The St. John's wort family (Hypericaceae) includes six to ten genera with 500 to 700 species , depending on the author :

  • Cratoxylum flower : The six or so species are common in Indomalesia . Including:
  • Eliea Cambess. (Syn .: Eliaea Cambess. Orth. Var.): It contains only one species:
  • Harungana Lam. : The threeor sospecies are common in Africa and Madagascar.
  • St. John's herbs or hard hay ( Hypericum L. , Ascyrum L. , Crookea Small , Sanidophyllum Small , Sarothra L. ): The approximately 490 species are distributed almost worldwide.
  • Lianthus N.Robson (sometimes in Hypericum ): It contains only one species:
  • Psorospermum Spach : The 40 to 45 species are distributed in tropical Africa and Madagascar.
  • Santomasia N.Robson : It contains only one species:
  • Thornea Breedlove & EMMcClint. : The only two types are common from Mexico to Guatemala. They are assigned to the genus Hypericum by individual authors. This is a controversial issue.
  • Triadenum Raf. : The six species are common in East Asia and in eastern North America .
  • Vismia Vand. : The approximately 57 species are common in the New World and Africa.
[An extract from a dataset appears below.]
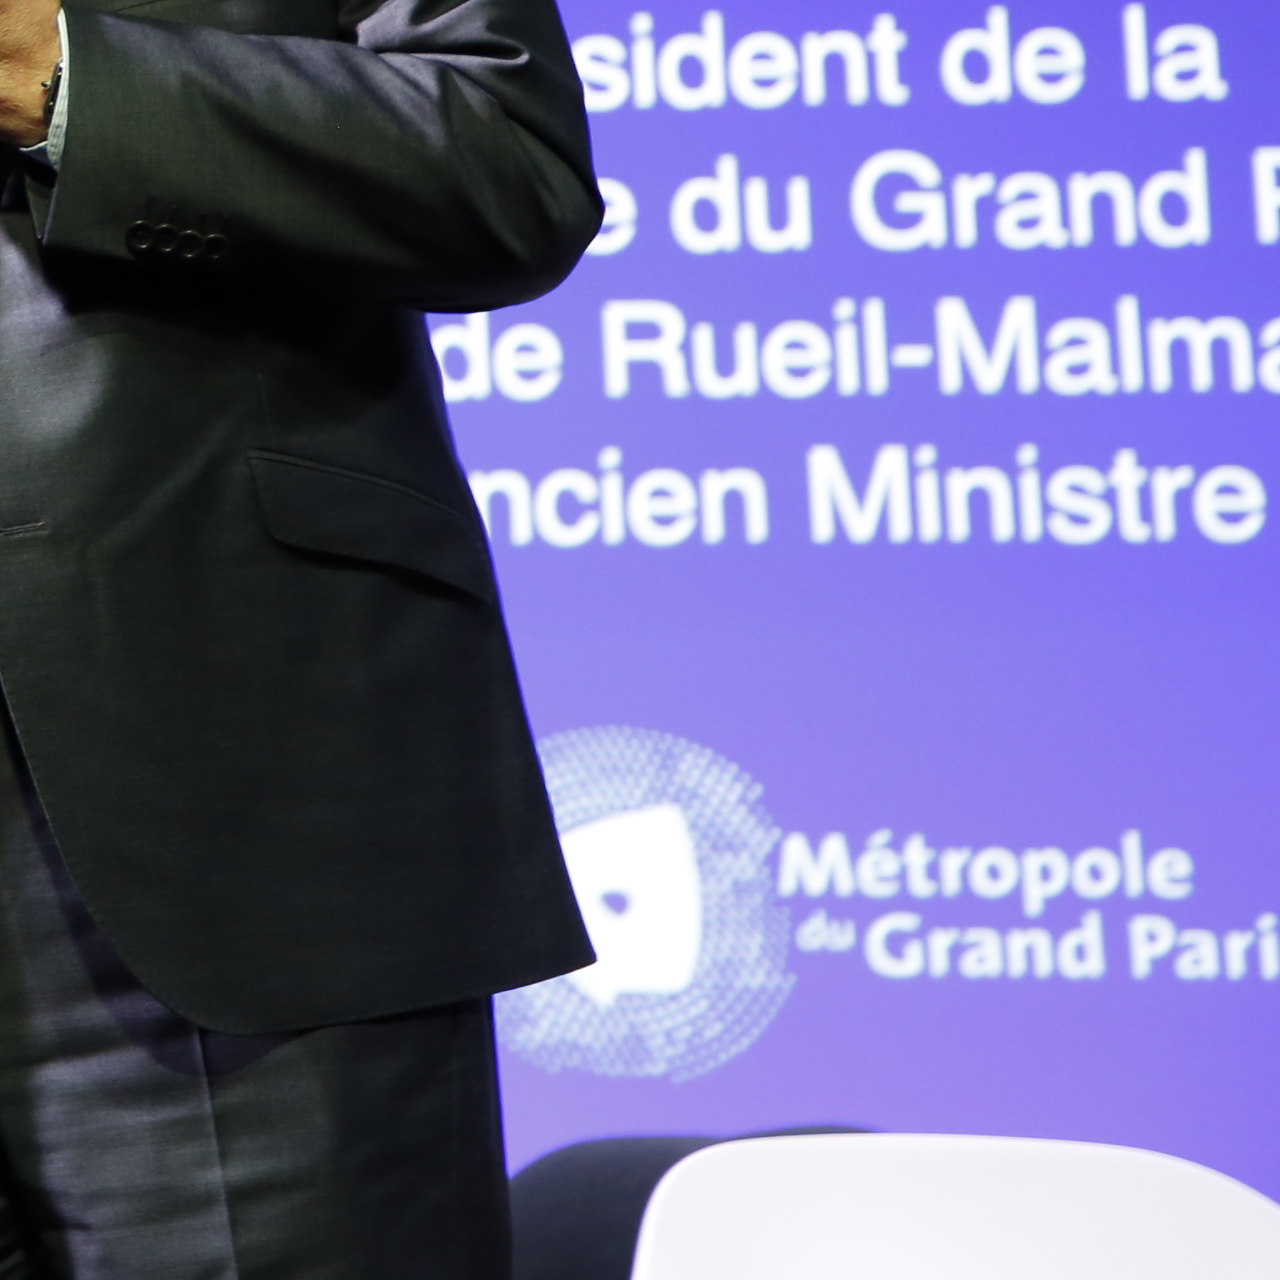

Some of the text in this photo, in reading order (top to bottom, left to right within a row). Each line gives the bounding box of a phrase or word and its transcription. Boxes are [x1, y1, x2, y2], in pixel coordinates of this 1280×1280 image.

  • The Hypericaceae family on the AP website . (Sections Description and Systematics)
  • Kenneth J. Wurdack, Charles C. Davis: Malpighiales phylogenetics: Gaining ground on one of the most recalcitrant clades in the angiosperm tree of life. In: American Journal of Botany , Volume 96, Issue 8, 2009, pp. 1551-1570. doi: 10.3732 / ajb.0800207
  • Sara L. Crockett, Norman KB Robson: Taxonomy and Chemotaxonomy of the Genus Hypericum. in Med. Aromat. Plant Sci. Biotechnol. , Volume 5, Special Issue 1, 2011, pp. 1-13. Abstract.
  • Norman KB Robson: Studies in the genus Hypericum L. (Hypericaceae) 9. Addenda, corrigenda, keys, lists and general discussion. In: Phytotaxa , Volume 72, 2012. doi: 10.11646 / phytotaxa.72.1.1

Individual evidence

  1. ^ A b c Norman KB Robson: Flora of Panama, Part IV, Family 123a: Hypericaceae. In: Annals of the Missouri Botanical Garden , Volume 65, 1978. Pages 9-26: Family Description Online.
  2. Antoine Laurent de Jussieu: Genera Plantarum , 1789, p. 254 - scanned at .
  3. a b c d e f The Hypericaceae family on the AP website .
  4. a b c d e f g h i j k Rafaël Govaerts (Ed.): Hypericaceae. In: World Checklist of Selected Plant Families (WCSP) - The Board of Trustees of the Royal Botanic Gardens, Kew . Retrieved April 22, 2020.
  5. Xi-wen Li, Jie Li, Norman KB Robson, Peter Stevens: Clusiaceae. - Same text online as the printed work , In: Wu Zheng-yi, Peter H. Raven, Deyuan Hong (Ed.): Flora of China . tape 13 : Clusiaceae through Araliaceae . Science Press / Missouri Botanical Garden Press, Beijing / St. Louis 2007, ISBN 978-1-930723-59-7 (English).

Web links

Commons : St. John's Wort (Hypericaceae)  - Collection of images, videos and audio files

further reading

  • Norman KB Robson: Hypericaceae Jussieu. In: Flora of North America Editorial Committee (Ed.): Flora of North America North of Mexico , Volume 6: Magnoliophyta: Cucurbitaceae to Droserceae. Oxford University Press, New York et al. 2015, ISBN 978-0-19-534027-3 . text same online as the printed work .
  • Nicolai M. Nürk, S. Madriñán, MA Carine, MW Chase, FR Blattner: Molecular phylogenetics and morphological evolution of St. John's wort (Hypericum; Hypericaceae). In: Mol. Phylogen. Evol. , Volume 66, Issue 1, 2013, pp. 1-16.
  • Nicolai M. Nürk: Phylogenetic analyzes in St. John's wort (Hypericum) - Inferring character evolution and historical biogeography. Ph.D. Thesis. FU Berlin, Berlin, 2011.
  • Nicolai M. Nürk, FR Blattner: Cladistic analysis of morphological characters in Hypericum (Hypericaceae). In: Taxon , Volume 59, Issue 5, 2010, pp. 1495-1507.